Can they follow through on all the statements they made when the markets were good? That will be a true test of what they really stand for. It’s a bit like when you look at the oil and gas companies putting out great adverts and press and media about their commitments to limit their emissions. All you’ve actually got to do is look at their capital expenditure and you can see that it’s still very focused on continuing the exploration and production and refining of fossil fuels. 

What’s the truth? I think the truth will be revealed as the tide has gone out. There’s an authenticity advantage to people who are committed and that’ll play through, at the company level as well. Truly trusted brands around sustainability will gain even more value. That’s not just at the investment management level, I mean at the company level.  

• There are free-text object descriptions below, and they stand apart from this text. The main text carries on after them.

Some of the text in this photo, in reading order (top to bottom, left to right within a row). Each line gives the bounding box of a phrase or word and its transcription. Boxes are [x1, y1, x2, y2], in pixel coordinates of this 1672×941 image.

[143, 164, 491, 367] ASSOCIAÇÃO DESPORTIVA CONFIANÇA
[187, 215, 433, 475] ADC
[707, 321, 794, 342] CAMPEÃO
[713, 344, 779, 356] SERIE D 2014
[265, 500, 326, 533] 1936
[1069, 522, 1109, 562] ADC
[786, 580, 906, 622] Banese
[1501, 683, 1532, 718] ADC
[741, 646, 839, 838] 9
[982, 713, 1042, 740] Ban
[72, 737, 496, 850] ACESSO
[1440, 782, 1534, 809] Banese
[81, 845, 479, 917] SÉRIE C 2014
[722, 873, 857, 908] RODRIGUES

ImpactAlpha: Is there an area of your portfolio that is under threat in this moment?

le Duc: An area that we are concerned about is businesses that are reliant on small and medium sized businesses. The SMB [small and medium-sized businesses] space is very challenged, obviously. That’s an issue. There are two companies, and again this is public knowledge, that are in our portfolio. One is Gusto and the other is Toast. Gusto provides payroll and access to healthcare and that kind of stuff. There are a lot of SMEs, but let’s see what happens to that underlying cohort, which will probably be going through some difficult times repairing. Toast provides restaurant point-of sale systems software and really helps drive efficiency in the restaurant space, and in particular around food waste, which is why we are interested in them. Obviously restaurants are struggling, so let’s see what happens to that one. 

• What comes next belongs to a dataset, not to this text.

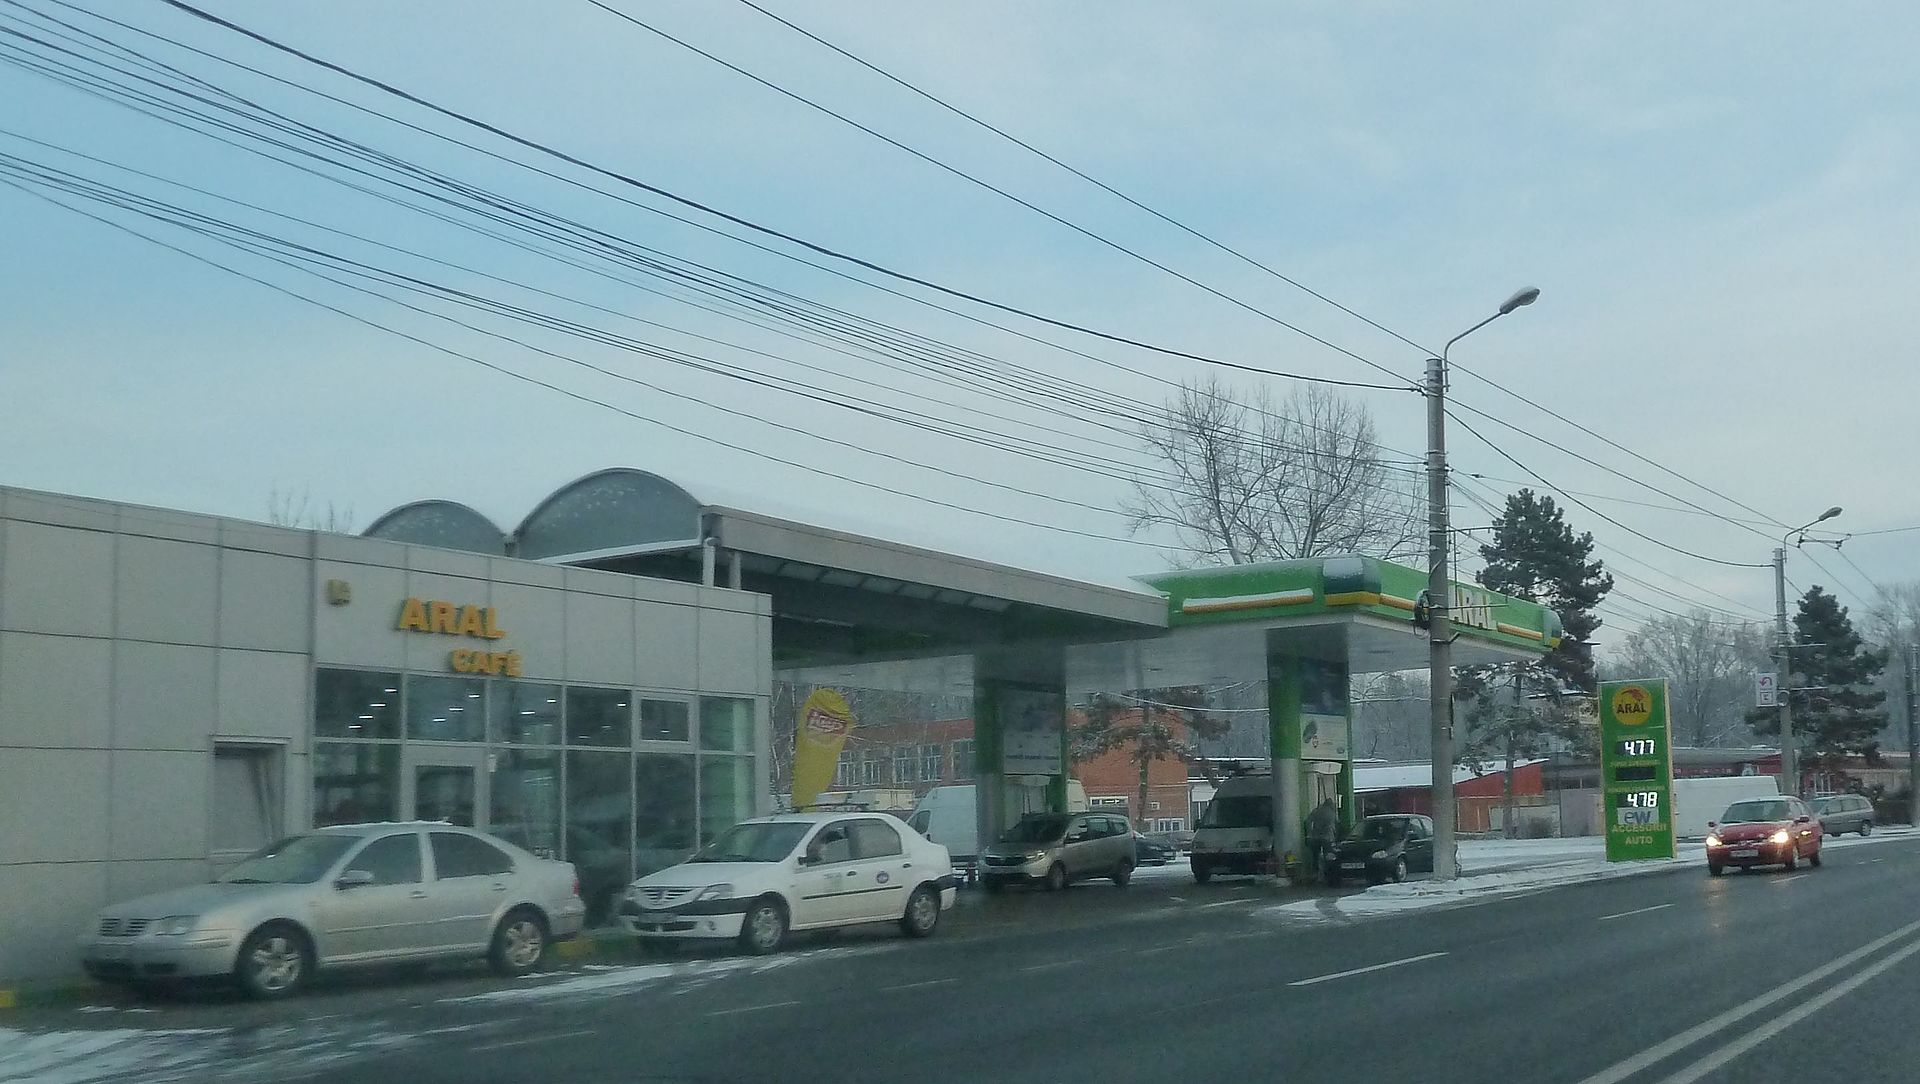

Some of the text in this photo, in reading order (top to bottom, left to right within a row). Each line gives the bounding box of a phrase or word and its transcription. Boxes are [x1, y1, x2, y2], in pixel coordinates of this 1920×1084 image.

[399, 598, 506, 638] ARAL
[1616, 703, 1647, 714] ARAL
[1625, 836, 1654, 845] AUTO

ImpactAlpha: What warnings signals and opportunities are you watching for right now?

le Duc: One thing we’re watching is the unemployment rate. I think it’s a very clear indicator of where we are and that shot up dramatically. 

From a macro policy perspective intervention, these very large government interventions are incredibly interesting. The Defense Production Act that Trump is proposing to pass, for example. The possibility of the renationalization, even if temporary, of private industry is unprecedented in peacetime. 

There’re these massive monetary injections from central banks. The thing to look out for there is their effectiveness. A key topic that we’re thinking about is: do these central bankers and the powers that be actually have the tools at their disposal to control things anymore? Interest rates can’t go much lower than they already are. So, what are the tools, would be a big question.

Then what does this all mean for the climate and climate diplomacy, private capital and global collaboration on global topics? In one way it’s a dry run for what needs to happen on climate in terms of the war footing in the face of the crisis. But equally it reveals how unseriously the world has been taking the climate threat. Look what happens when there’s perceived to be a real threat. The world mobilizes. But with climate, they basically haven’t mobilized, because look at what they could do. That’s a huge, huge topic and then a huge opportunity as well because it’s like, “guys, we did it with the virus, let’s do it with climate.”

ImpactAlpha: Is this the sustainability disruption you have been calling? Maybe it didn’t arrive in the way you might have predicted, but is it here? 

le Duc: Not necessarily, in our view. The ball was already rolling pretty quickly thanks to cultural changes and citizen activism in particular around climate. I feel this may just be something that pushes it along further. Putting sustainability as a central organizing principle in the economy and human activity is a long-term driver of change. It’s not a short-term catalyst. It’s a long term catalyst. Multiple things are pointing us in the direction of sustainability and pushing us in that direction, including mother nature, through the virus as well as through climate. 

That is a slow burn, long-term transition that is happening. This is just an accelerant for a short period of time on a trajectory that is inevitable. Sustainability is imperative.